··· DATASET CONTENT

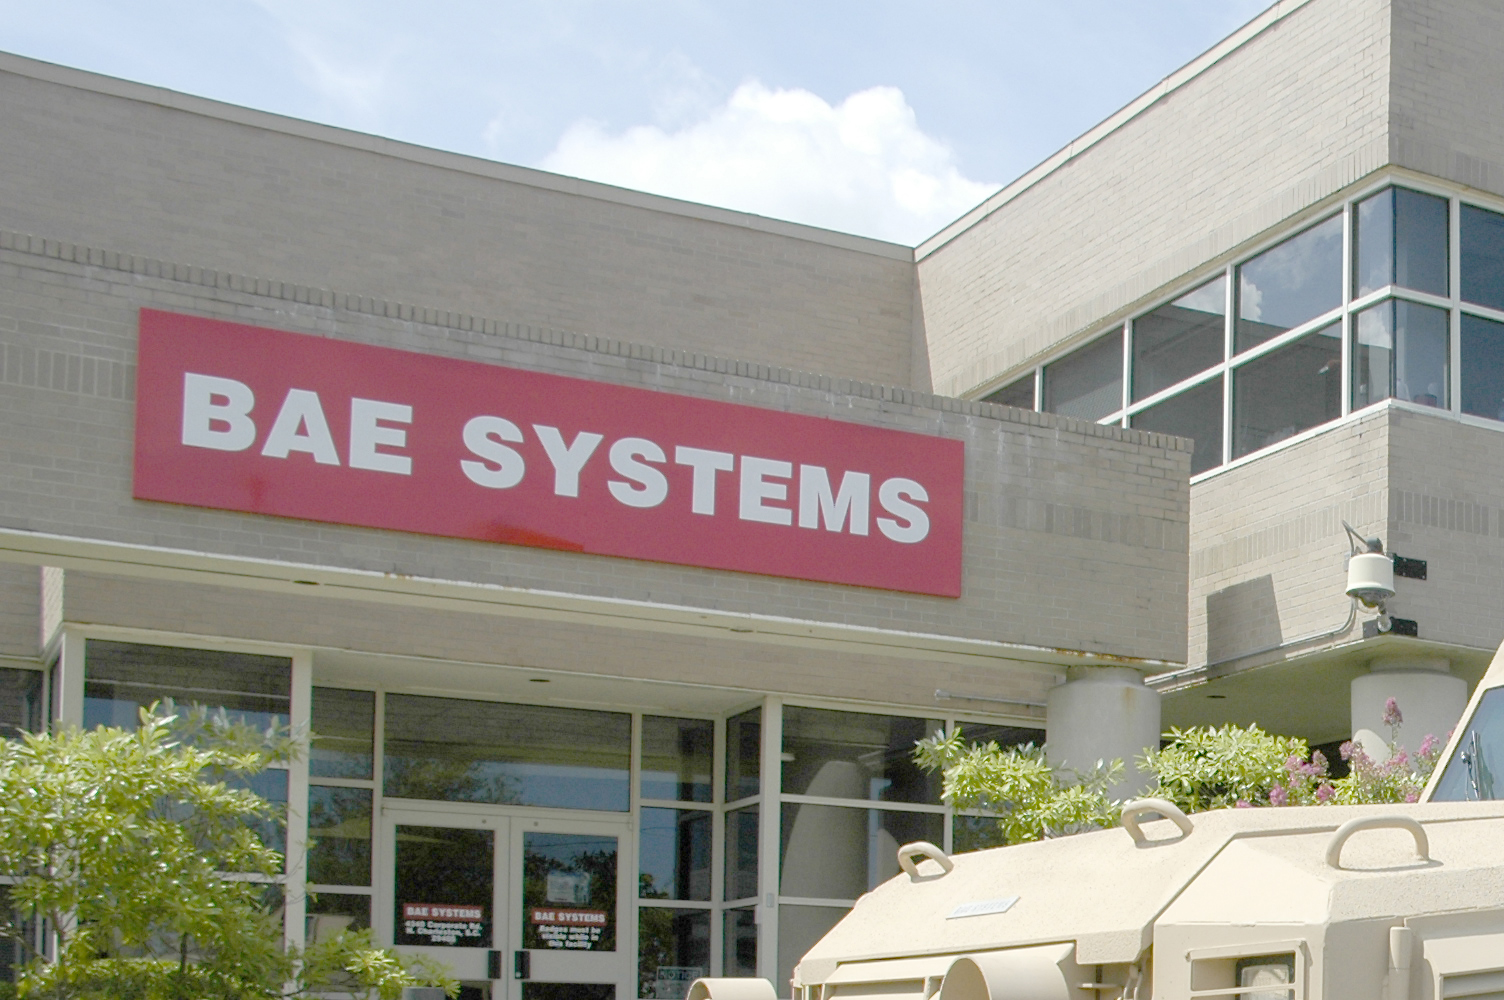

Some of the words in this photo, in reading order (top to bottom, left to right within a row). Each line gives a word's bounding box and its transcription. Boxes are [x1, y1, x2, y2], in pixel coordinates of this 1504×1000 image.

[181, 371, 413, 476] BAE
[460, 415, 931, 544] SYSTEMS
[407, 907, 428, 916] BAE
[431, 908, 481, 918] SYSTEMS
[535, 912, 555, 921] BAE
[558, 912, 605, 922] SYSTEMS
[427, 921, 467, 930] Corporate
[539, 925, 569, 935] Badges
[569, 926, 590, 934] must
[590, 926, 602, 934] be
[564, 940, 592, 950] facility
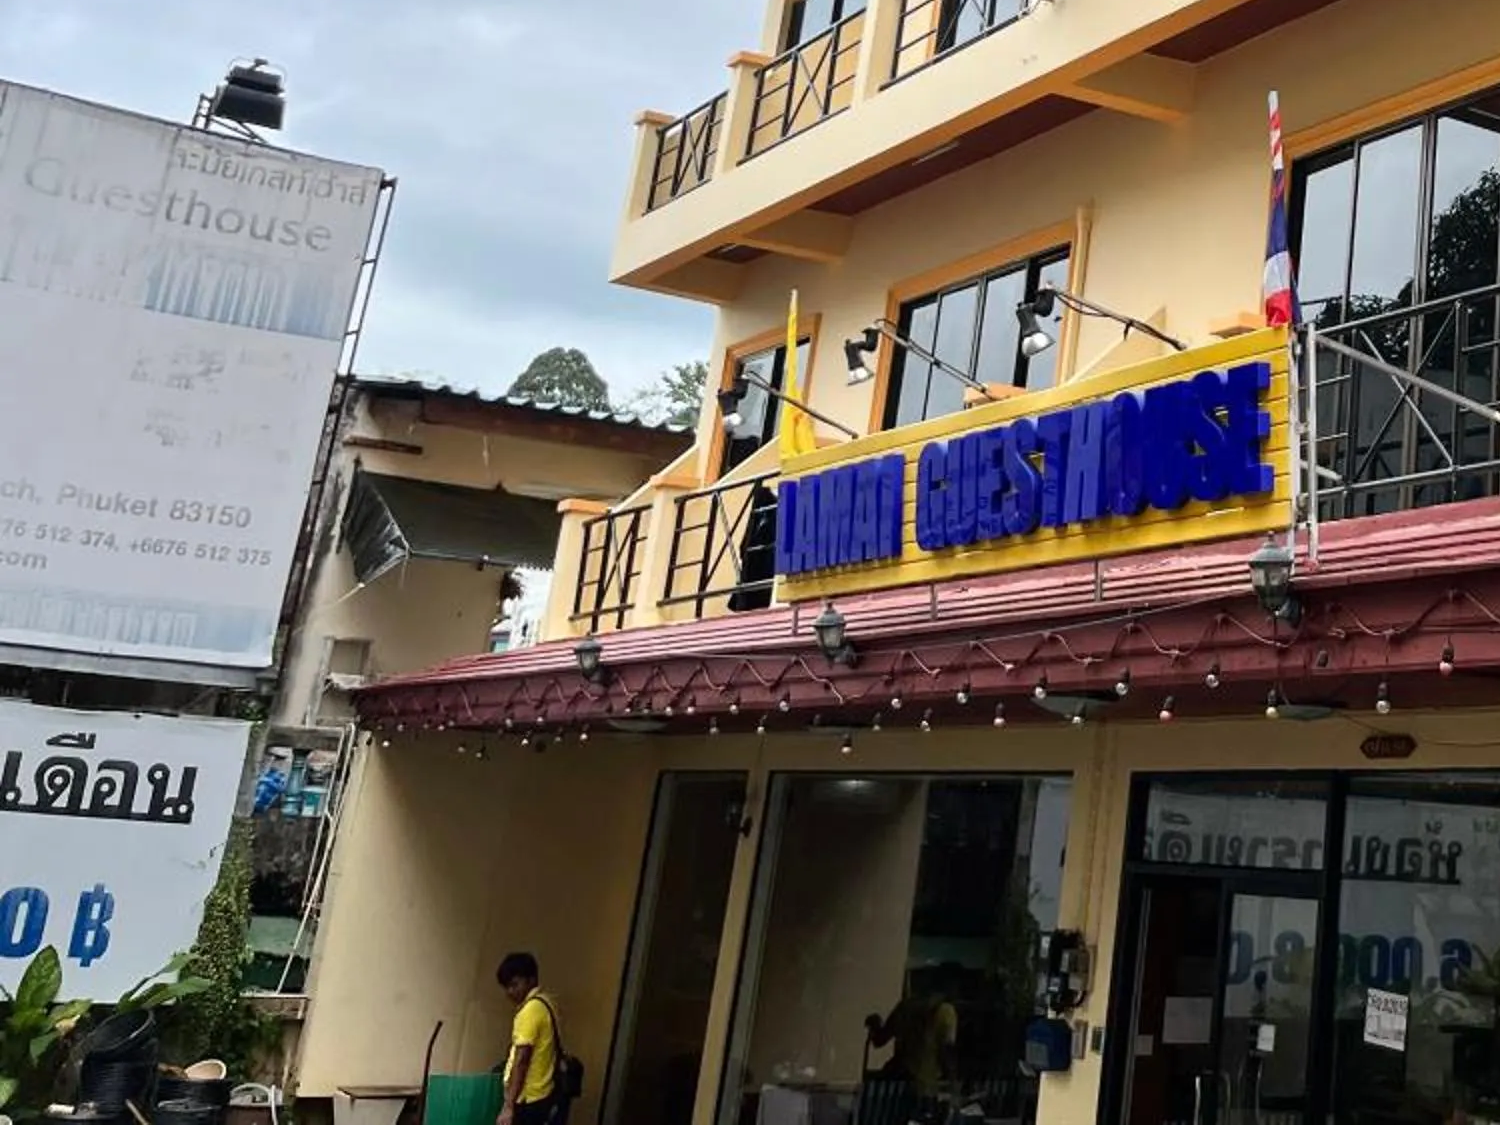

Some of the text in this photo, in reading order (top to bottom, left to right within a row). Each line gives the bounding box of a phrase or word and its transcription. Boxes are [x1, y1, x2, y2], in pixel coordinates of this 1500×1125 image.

[24, 156, 332, 252] Guesthouse
[776, 362, 1275, 575] LAMAI GUESTHOUSE
[35, 522, 73, 543] 512
[129, 537, 188, 557] +6676
[195, 542, 232, 562] 512
[237, 547, 272, 567] 375
[170, 498, 252, 529] 83150

······

> **ABOUT THIS EXERCISE**:
Go through the records and repeat each one exactly, skipping anything that is a picture.

> **COMPLETED TASK**:
Some of the words in this photo, in reading order (top to bottom, left to right within a row). Each line gives a word's bounding box and its transcription. Boxes are [x1, y1, x2, y2], in pixel coordinates of this 1504×1000 image.

[181, 371, 413, 476] BAE
[460, 415, 931, 544] SYSTEMS
[407, 907, 428, 916] BAE
[431, 908, 481, 918] SYSTEMS
[535, 912, 555, 921] BAE
[558, 912, 605, 922] SYSTEMS
[427, 921, 467, 930] Corporate
[539, 925, 569, 935] Badges
[569, 926, 590, 934] must
[590, 926, 602, 934] be
[564, 940, 592, 950] facility

Some of the text in this photo, in reading order (top to bottom, left to right within a row). Each line gives the bounding box of a phrase or word and its transcription. Boxes are [x1, y1, x2, y2], in pixel coordinates of this 1500×1125 image.

[24, 156, 332, 252] Guesthouse
[776, 362, 1275, 575] LAMAI GUESTHOUSE
[35, 522, 73, 543] 512
[129, 537, 188, 557] +6676
[195, 542, 232, 562] 512
[237, 547, 272, 567] 375
[170, 498, 252, 529] 83150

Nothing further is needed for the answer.